We only document what is of value or use to someone. If that helps the team, then we do the same in agile.
- Christian Brandes
Permanent documentation belongs next to the story, not in it
If a specification is to last, it does not live in the story. It lives in product documentation that grows in parallel with the product from iteration to iteration.
Brandes describes a separate structure of target and actual, both with an identical content structure according to technical components. If the team says that a specification would help, it is documented in the target area. The story only references this: details can be found here.
Once the function has been developed and tested, the specification moves to the actual state. There is almost nothing left to do because the documentation work has already been done in advance. The story itself is then thrown away.
This also solves a recurring trace issue. Test cases are not linked to the aging story, but to the specification and later to the product documentation. This creates a traceable trail without the need for short-lived work packages to become trace anchors.
| Artifact | Lifetime | Purpose |
|---|---|---|
| user story | only for the sprint, then disposable | planning, estimation, work package |
| specification (target) | grows with each iteration | detailed knowledge that helps the team |
| Product documentation (actual) | permanent | Trace anchor for test cases, product knowledge |
Non-functional requirements do not need a special path
Nothing new is needed for non-functional requirements. The story offers space for specifications, so performance, security or other quality characteristics are specified there.

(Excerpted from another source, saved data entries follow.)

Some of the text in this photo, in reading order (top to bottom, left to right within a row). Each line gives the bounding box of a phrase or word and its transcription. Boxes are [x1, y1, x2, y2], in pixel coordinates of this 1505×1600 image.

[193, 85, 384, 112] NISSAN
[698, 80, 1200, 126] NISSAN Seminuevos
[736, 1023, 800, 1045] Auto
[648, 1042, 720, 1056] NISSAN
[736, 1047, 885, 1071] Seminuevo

Here, too, there are tools from requirements engineering. Instead of “the system must be fast”, a sentence template provides a verifiable statement: this function must provide an answer in 99 percent of cases under defined framework conditions in no more than this much time.
The product owner decides how visible the topic becomes. If it is important enough to him, he raises it as an acceptance criterion and has it demonstrated. Otherwise, he trusts the test activities of the system testing team.

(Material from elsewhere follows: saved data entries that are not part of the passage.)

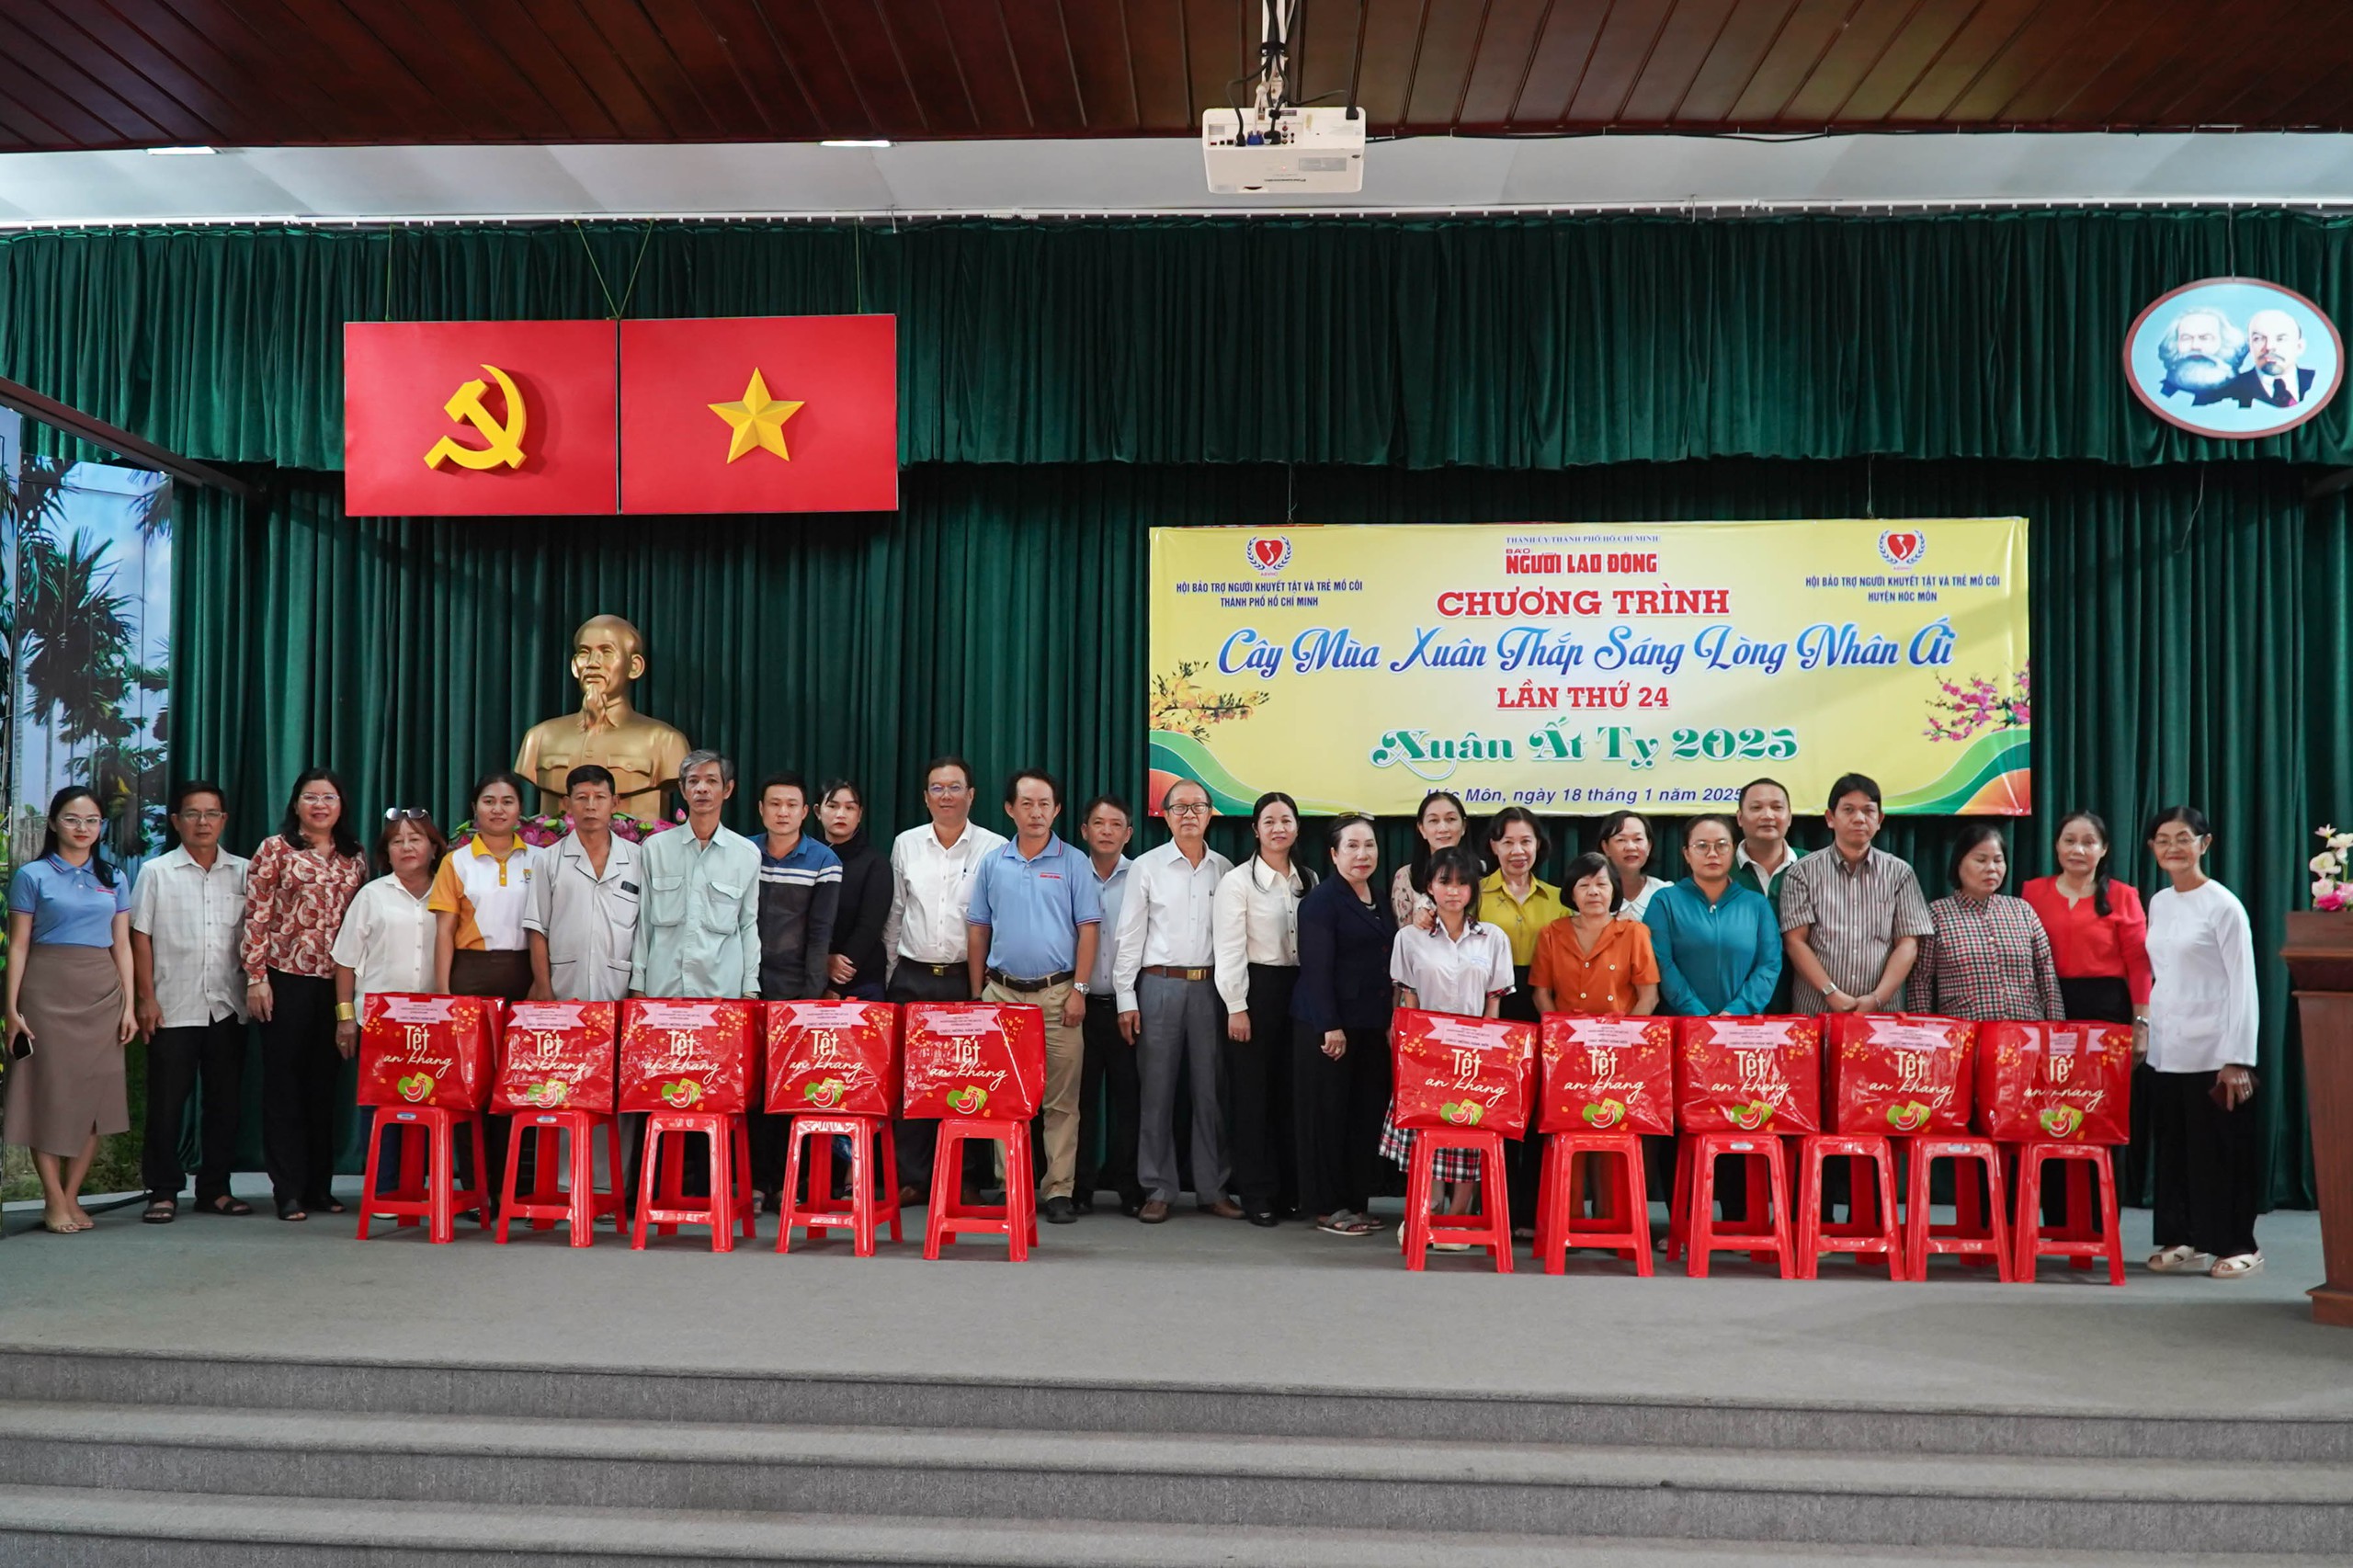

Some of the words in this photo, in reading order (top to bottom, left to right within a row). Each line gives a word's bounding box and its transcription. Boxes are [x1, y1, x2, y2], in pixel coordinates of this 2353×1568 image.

[1567, 553, 1602, 574] LAO
[1607, 551, 1657, 574] ĐỘNG
[1176, 581, 1190, 594] HỘI
[1211, 581, 1226, 594] TRỢ
[1228, 580, 1253, 593] NGƯỜI
[1256, 579, 1286, 593] KHUYẾT
[1288, 581, 1302, 595] TẬT
[1349, 578, 1363, 591] CÔI
[1805, 575, 1820, 588] HỘI
[1842, 575, 1858, 588] TRỢ
[1986, 574, 2000, 586] CÔI
[1280, 593, 1294, 607] CHÍ
[1297, 595, 1319, 607] MINH
[1438, 585, 1602, 617] CHƯƠNG
[1612, 583, 1730, 614] TRÌNH
[1868, 591, 1896, 604] HUYỆN
[1219, 629, 1284, 678] Cây
[1291, 628, 1381, 674] Mùa
[1390, 626, 1487, 673] Xuân
[1497, 626, 1583, 676] Thắp
[1594, 625, 1686, 675] Sáng
[1693, 624, 1789, 675] Lòng
[1797, 623, 1900, 670] Nhân
[1908, 617, 1956, 665] Ái
[1497, 678, 1559, 709] LẦN
[1567, 678, 1630, 708] THỨ
[1639, 687, 1668, 708] 24
[1371, 731, 1514, 779] Xuân
[1529, 716, 1585, 760] Ất
[1597, 726, 1659, 768] Tỵ
[1671, 727, 1797, 762] 2025
[1465, 788, 1507, 803] Môn,
[1513, 788, 1557, 805] ngày
[1563, 788, 1582, 802] 18
[1587, 787, 1638, 805] tháng
[1645, 788, 1653, 801] 1
[1659, 788, 1697, 801] năm
[404, 1024, 430, 1051] Tết
[531, 1029, 563, 1057] Tết
[667, 1029, 697, 1056] Tết
[811, 1028, 839, 1056] Tết
[952, 1036, 981, 1064] Tết
[383, 1054, 404, 1063] an
[406, 1050, 453, 1080] khang
[510, 1061, 533, 1071] an
[538, 1056, 588, 1084] khang
[643, 1061, 664, 1071] an
[669, 1056, 722, 1085] khang
[790, 1061, 809, 1071] an
[813, 1055, 865, 1084] khang
[1451, 1048, 1483, 1077] Tết
[1587, 1047, 1618, 1076] Tết
[1733, 1048, 1767, 1078] Tết
[1894, 1050, 1927, 1079] Tết
[929, 1067, 950, 1077] an
[956, 1062, 1009, 1091] khang
[1425, 1077, 1449, 1088] an
[1453, 1074, 1508, 1108] khang
[1563, 1079, 1586, 1091] an
[1592, 1074, 1646, 1105] khang
[1711, 1081, 1734, 1092] an
[1740, 1076, 1790, 1107] khang
[1869, 1081, 1893, 1092] an
[1898, 1076, 1954, 1109] khang

Three Xs: a lightweight test strategy for stories
If a story is technically testable, three activities jump out of its structure. Brandes summarizes them as the Triple X strategy: Acceptance, Exploratory, Risks.
- Acceptance: The acceptance criteria are always tested and always automated. They are what absolutely has to work.

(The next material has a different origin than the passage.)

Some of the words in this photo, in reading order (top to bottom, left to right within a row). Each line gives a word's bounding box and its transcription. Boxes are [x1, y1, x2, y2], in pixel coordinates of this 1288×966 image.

- Exploratory: Every story is exploratory tested, based on the criteria, the specification or intuition. The aim is fast feedback, early error detection and system understanding.
- Risks: Optionally, a systematic test design procedure is added if the risk and specification justify it. Here, the tester requires a test basis, such as a decision table.
There is a reversal in this sequence. Acceptance and exploratory tests always run, systematic procedures only if they help. Systematic testing thus becomes a complement to experience-based testing, while the foundation level has the sentence exactly the other way around.
Model-based testing also fits into agile
Model-based testing generates test artifacts from formal models such as UML or BPMN. The most important distinction separates system models from test models.
System models describe the system and often come from the requirements engineer, for example as a use case model or class diagram. A test model looks similar, but describes the test of the system. It belongs to the test and can be enriched with test decisions and concrete test data that have no place in a system specification.
Abstract tests can be derived from system models using path generators, which saves a lot of hard work. Concrete tests can even be generated from test models. If such a model comes along with a risky story, the bridge to the test strategy is built.
Brandes attributes the fact that model-based testing is hardly used in agile to a double misunderstanding. Models are seen as mere documentation, and documentation is seen as dispensable in agile. Both assumptions are wrong. Where a model helps to test the beast, it is part of it.